Benar-Benar Cinta

“Hohh!” Aku begitu terkejut. Ternyata, seorang gadis dengan potongan rambut pendek berdiri tepat di hadapanku sambil memegang sebuah sapu ijuk dengan tatapan kesal.

Aku pun melirik situasi di sekitarku. Ternyata, tanpa sadar aku sudah berjalan sampai di depan kelas 3 IPA 2 yang letaknya bersebelahan dengan kelasku. Sepertinya gadis di hadapanku ini adalah salah satu murid kelas 3 IPA 2 yang juga sedang piket –menyapu teras koridor di depan kelasnya.

Aku pun kemudian berkata, “Kau pikir aku berbicara denganmu?”

“Kau pikir kau berbicara dengan siapa?” ucapnya kesal sambil menghentakkan sapu yang digenggamnya di lantai.

'Gadis ini kasar sekali,' pikirku.

“Tak ada orang lain di sini dan kau memanggilku mama,” ucapnya lagi sambil mengacung-acungkan ujung gagang sapu di tangannya ke wajahku.

“Kau benar-benar keterlaluan. Nyaris saja gagang ini mengenai hidung mancungku,” ucapku penuh kecemasan.

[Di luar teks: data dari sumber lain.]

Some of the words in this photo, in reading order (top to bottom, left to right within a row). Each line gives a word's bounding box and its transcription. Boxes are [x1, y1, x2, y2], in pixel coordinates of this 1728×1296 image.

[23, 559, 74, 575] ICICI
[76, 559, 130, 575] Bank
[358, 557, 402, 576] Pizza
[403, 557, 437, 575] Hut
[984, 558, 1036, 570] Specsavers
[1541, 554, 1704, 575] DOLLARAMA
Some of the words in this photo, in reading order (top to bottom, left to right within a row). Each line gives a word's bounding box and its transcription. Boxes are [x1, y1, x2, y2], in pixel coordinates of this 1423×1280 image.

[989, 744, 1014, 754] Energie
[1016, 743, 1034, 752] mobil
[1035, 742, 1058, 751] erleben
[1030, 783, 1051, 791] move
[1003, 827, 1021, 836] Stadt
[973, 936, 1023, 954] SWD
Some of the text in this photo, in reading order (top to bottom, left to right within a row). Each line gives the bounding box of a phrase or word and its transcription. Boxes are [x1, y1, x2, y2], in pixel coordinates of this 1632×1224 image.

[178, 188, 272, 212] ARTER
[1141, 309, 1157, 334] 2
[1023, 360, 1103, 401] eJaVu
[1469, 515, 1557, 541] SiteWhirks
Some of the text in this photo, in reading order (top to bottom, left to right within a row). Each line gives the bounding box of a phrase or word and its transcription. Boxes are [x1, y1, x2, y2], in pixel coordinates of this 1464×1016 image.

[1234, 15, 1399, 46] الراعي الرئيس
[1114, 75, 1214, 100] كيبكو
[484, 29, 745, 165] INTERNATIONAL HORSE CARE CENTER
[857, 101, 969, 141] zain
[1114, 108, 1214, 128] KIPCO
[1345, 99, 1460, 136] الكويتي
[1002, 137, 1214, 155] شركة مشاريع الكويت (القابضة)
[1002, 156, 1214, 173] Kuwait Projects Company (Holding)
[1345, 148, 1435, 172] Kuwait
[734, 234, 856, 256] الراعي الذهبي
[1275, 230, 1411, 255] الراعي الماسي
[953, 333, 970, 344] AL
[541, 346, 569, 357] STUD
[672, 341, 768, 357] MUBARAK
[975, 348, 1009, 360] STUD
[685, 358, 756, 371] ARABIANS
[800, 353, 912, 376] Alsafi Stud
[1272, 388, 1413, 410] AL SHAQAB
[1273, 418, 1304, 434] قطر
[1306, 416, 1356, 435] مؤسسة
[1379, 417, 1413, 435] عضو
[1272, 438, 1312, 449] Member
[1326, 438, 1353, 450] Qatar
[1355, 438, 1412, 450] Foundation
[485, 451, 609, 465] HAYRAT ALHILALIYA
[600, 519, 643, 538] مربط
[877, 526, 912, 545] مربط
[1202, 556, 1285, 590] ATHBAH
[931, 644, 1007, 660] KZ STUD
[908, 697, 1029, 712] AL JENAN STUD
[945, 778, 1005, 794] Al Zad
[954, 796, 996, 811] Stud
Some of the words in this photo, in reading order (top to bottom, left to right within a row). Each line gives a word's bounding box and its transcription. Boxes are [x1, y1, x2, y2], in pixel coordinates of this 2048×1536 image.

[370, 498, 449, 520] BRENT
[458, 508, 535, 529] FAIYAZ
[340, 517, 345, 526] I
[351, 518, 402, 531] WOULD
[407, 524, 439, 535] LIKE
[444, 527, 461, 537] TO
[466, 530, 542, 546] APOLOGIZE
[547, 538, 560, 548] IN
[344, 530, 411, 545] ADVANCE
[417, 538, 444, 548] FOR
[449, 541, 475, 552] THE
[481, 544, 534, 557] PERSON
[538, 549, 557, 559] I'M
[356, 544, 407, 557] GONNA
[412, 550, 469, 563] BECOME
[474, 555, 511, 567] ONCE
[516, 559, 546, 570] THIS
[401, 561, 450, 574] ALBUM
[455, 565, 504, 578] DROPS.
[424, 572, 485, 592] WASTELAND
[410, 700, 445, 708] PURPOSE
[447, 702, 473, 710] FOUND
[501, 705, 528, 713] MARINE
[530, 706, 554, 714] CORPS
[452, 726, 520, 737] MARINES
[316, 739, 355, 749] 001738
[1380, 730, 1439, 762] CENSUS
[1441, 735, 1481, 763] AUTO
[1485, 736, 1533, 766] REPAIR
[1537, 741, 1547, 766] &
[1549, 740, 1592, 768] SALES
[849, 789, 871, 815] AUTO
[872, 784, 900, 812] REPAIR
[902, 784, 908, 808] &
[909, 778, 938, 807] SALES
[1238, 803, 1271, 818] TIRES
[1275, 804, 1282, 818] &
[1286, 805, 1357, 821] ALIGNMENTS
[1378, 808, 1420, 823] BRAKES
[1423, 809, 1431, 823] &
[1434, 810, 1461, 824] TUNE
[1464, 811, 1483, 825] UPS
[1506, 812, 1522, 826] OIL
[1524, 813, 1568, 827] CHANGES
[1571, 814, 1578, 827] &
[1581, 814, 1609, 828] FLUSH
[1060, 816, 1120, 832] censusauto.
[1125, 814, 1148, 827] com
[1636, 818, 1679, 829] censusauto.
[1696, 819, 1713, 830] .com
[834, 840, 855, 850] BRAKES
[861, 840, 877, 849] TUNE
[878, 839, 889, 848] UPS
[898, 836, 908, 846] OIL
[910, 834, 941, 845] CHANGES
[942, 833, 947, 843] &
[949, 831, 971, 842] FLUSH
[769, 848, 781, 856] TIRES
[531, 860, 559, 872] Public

“Dasar bodoh!” ucapnya ketus.

“Kau cerewet sekali,” ucapku kesal.

“Apa katamu?” Emosi gadis itu semakin memuncak. “Cepat pergi dari hadapanku!” Sekali lagi ia mengacungkan gagang sapunya dengan cepat hingga

sedikit lagi mengenai ujung hidungku.

'Hoh, gadis ini benar-benar seperti monster,' pikirku cemas. “Nyaris saja gagang sapu ini menghancurkan

hidung mancung kesayanganku,” bisikku dalam hati yang berdebar sambil memelototi ujung gagang sapunya yang tak lebih dari satu sentimeter tepat berada di depan hidungku.

“Cepat pergi!” bentaknya lagi. “Apa yang kau tunggu?” Ia memelototiku dengan penuh amarah.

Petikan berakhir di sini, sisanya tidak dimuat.